Theo Bührmann brach eine Lanze für seine Heimatstadt: „Bremen ist
besser als wir es darstellen“, sagte der Geschäftsführer der Bührmann Gruppe
GmbH. Es sei nun einmal keine Metropole wie Hamburg. Dafür gebe es hier aber
auch keine täglichen Staus in der Innenstadt und eine wirklich gute
Gastronomie. Viele Gäste seien begeistert von Bremen.
Dem pflichtete Paul-Alexander
Völcker bei. Bremen sei nicht
Frankfurt oder Berlin, wo er zuvor tätig gewesen sei. Der Geschäftsführer der
Q1 Gastronomie GmbH gab aber zu bedenken, dass selbst sein erfolgreiches Q1 zum
Großteil von innerstädtischen Gästen und von Besuchern aus dem Bremer Umland lebe,
weniger von Touristen. Er zeigte sich erstaunt über die schnelle positive
Entwicklung des „Justus“ im Tabakquartier, räumte aber ein, dass viele Dinge,
die in anderen Städten funktionierten, in Bremen nicht umsetzbar seien. Mit
Theo Bührmann sei er sich aber auch einig darin, dass man sich nicht ständig
mit Hamburg vergleichen dürfe.
Auf die Frage,
wohin junge Menschen heutzutage zum Tanzen gingen, gab Jan Fries zu bedenken,
wieso bei einer offensichtlich vorhandenen Nachfrage das Angebot an
entsprechenden Locations nicht in gleicher Weise steige. Müsse etwa der Staat,
ähnlich wie bei der Subvention von Theatertickets, auch die Clubszene
unterstützen? Er sah die staatliche Verantwortung eher in den Bereichen des Lärmschutzes
oder des Baurechts. Hier müsse es punktuelle Erleichterungen geben. Tobias
Meisner pflichtete dem bei und beklagte behördliche Auflagen für sanitäre
Anlagen. Er beobachte zudem, dass junge Leute vermehrt nach Oldenburg statt
nach Bremen fahren, wenn es um angesagte Clubs gehe.
Alle
Branchenvertreter beklagten den großen Einfluss von Familien-Clans mit
kurdischen Wurzeln oder aus dem Libanon auf die Club-Szene.

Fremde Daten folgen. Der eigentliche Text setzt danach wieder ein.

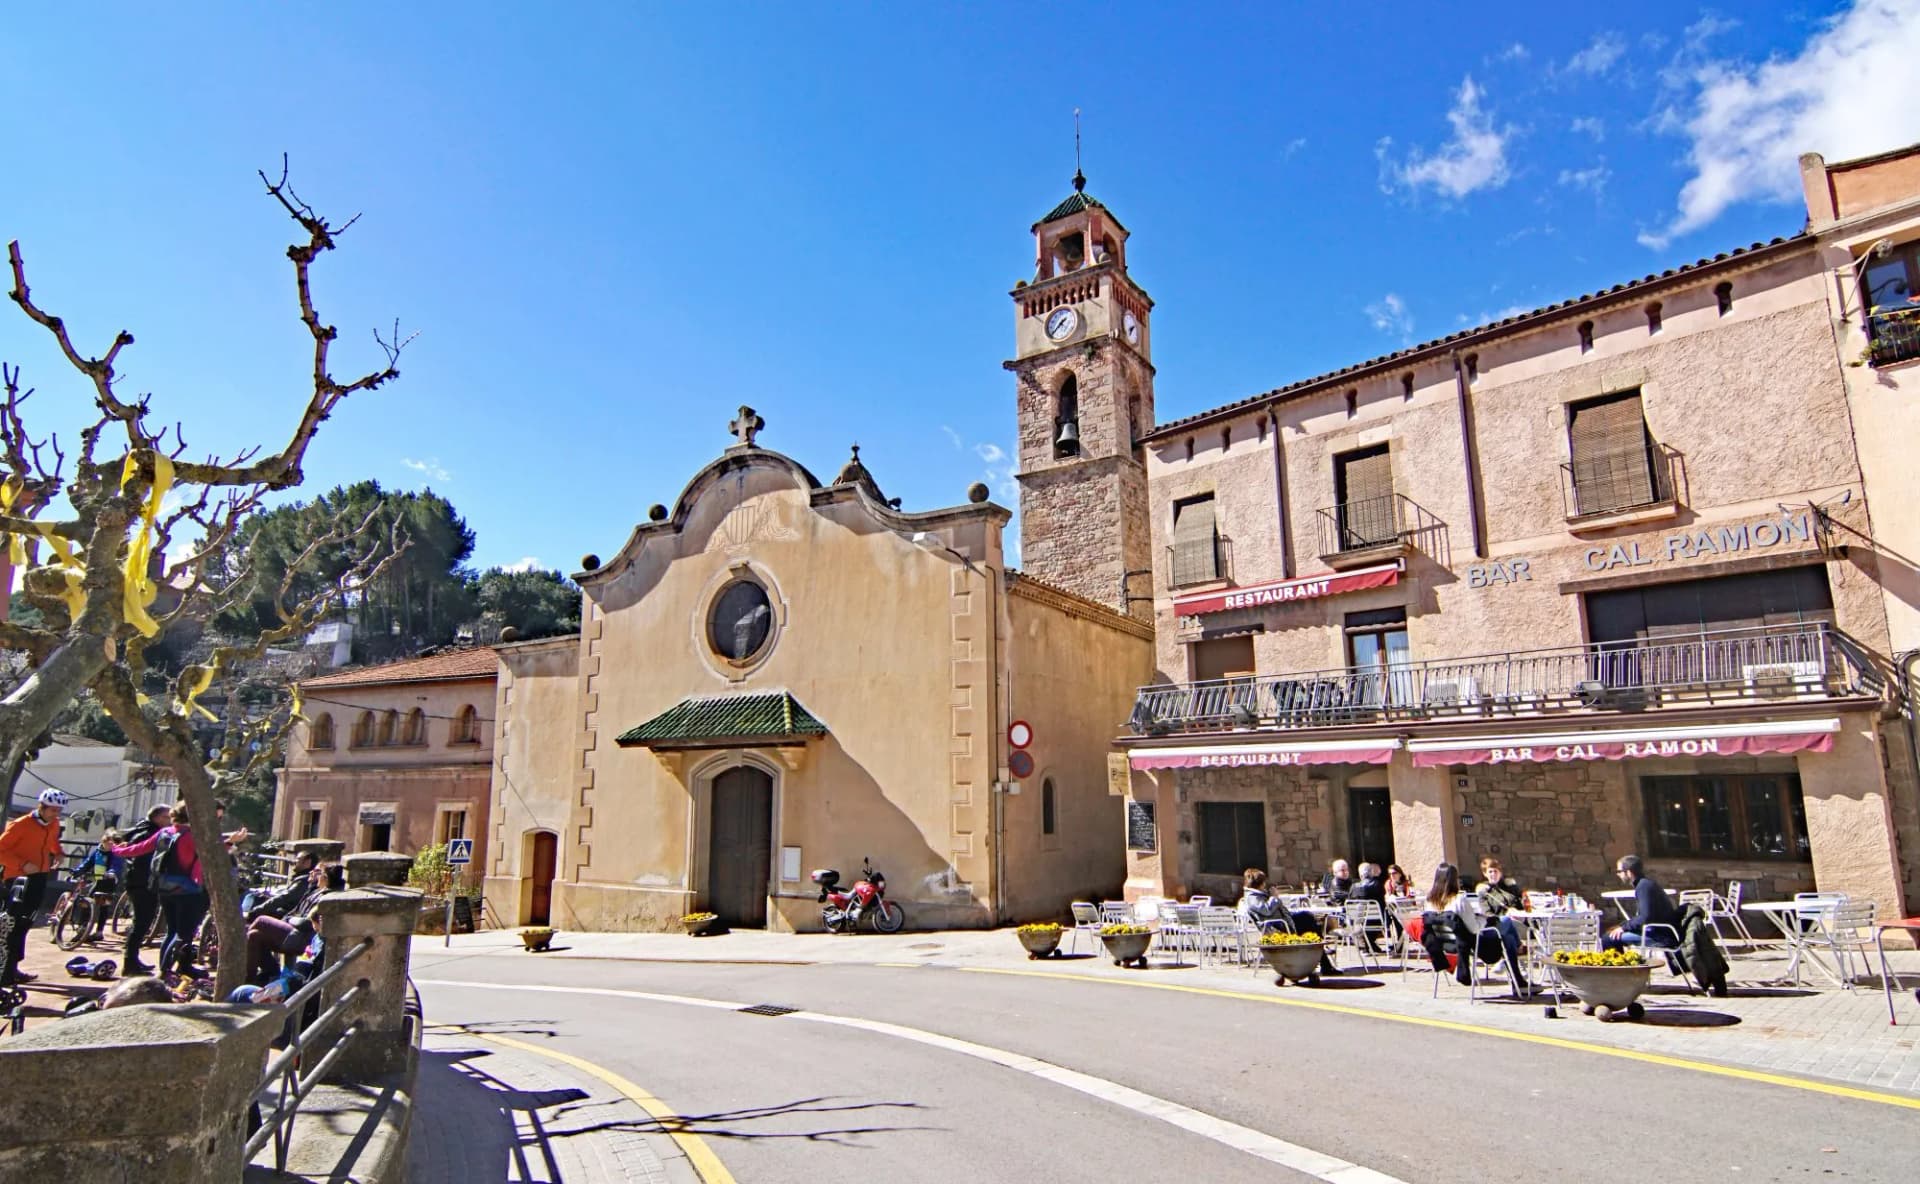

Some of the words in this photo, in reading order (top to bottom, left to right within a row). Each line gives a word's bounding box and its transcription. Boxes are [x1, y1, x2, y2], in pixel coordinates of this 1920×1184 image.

Schutzgeld-Forderungen habe es davor bereits durch die Hells Angels und die
Bandidos gegeben, nun aber gehe niemand mehr das Risiko ein, neue Clubs zu
eröffnen. Deshalb das begrenzte Angebot. Der Staat müsse daher die Sicherheit
gewähren, auch durch Präsenz. Jan Fries verwies in diesem Zusammenhang auf das
Beispiel Nordrhein-Westfalen und die dortige Politik von Innenminister Herbert
Reul und forderte zur Bekämpfung von Geldwäsche die Höhe der
Bargeldtransaktionen zu begrenzen.
Auch sei es für die
Club- und Restaurantbetreiber heute weitaus schwieriger, auf ihre Angebote
aufmerksam zu machen, da es kein gedrucktes „Zentralorgan“ für Veranstaltungen mehr
gebe. Stattdessen verlagere sich alles in den Online-Bereich, der aber stark
fragmentiert sei. Es fehle ein zentraler Online-Kalender. Aktuell müsse man in
allen Social Media-Kanälen präsent sein, um alle Alterszielgruppen zu
erreichen.
Alle Beteiligten
hoben schließlich hervor, dass es auch eine Holschuld der Kunden gebe. Sie
müssten ihren Kiez kennenlernen. Und es brauche eine stärkere Kultur des
Essengehens, es brauche Lust am Ausgehen. Dies sei aber auch eine Frage der
Lebensfreude. Und damit einher gehe auch ein gesteigertes Bewusstsein für die
Wertigkeit von Nahrungsmitteln. Dies beginne bereits, wenn Kita- und Schulessen
nur noch 2, 50 Euro kosten dürften und Ausschreibungen dann an den
Billigstbietenden vergeben würden. Auch hier könne der Staat durch die
Gestaltung der Ausschreibungen ein Zeichen setzen und einen Kulturwandel
einleiten.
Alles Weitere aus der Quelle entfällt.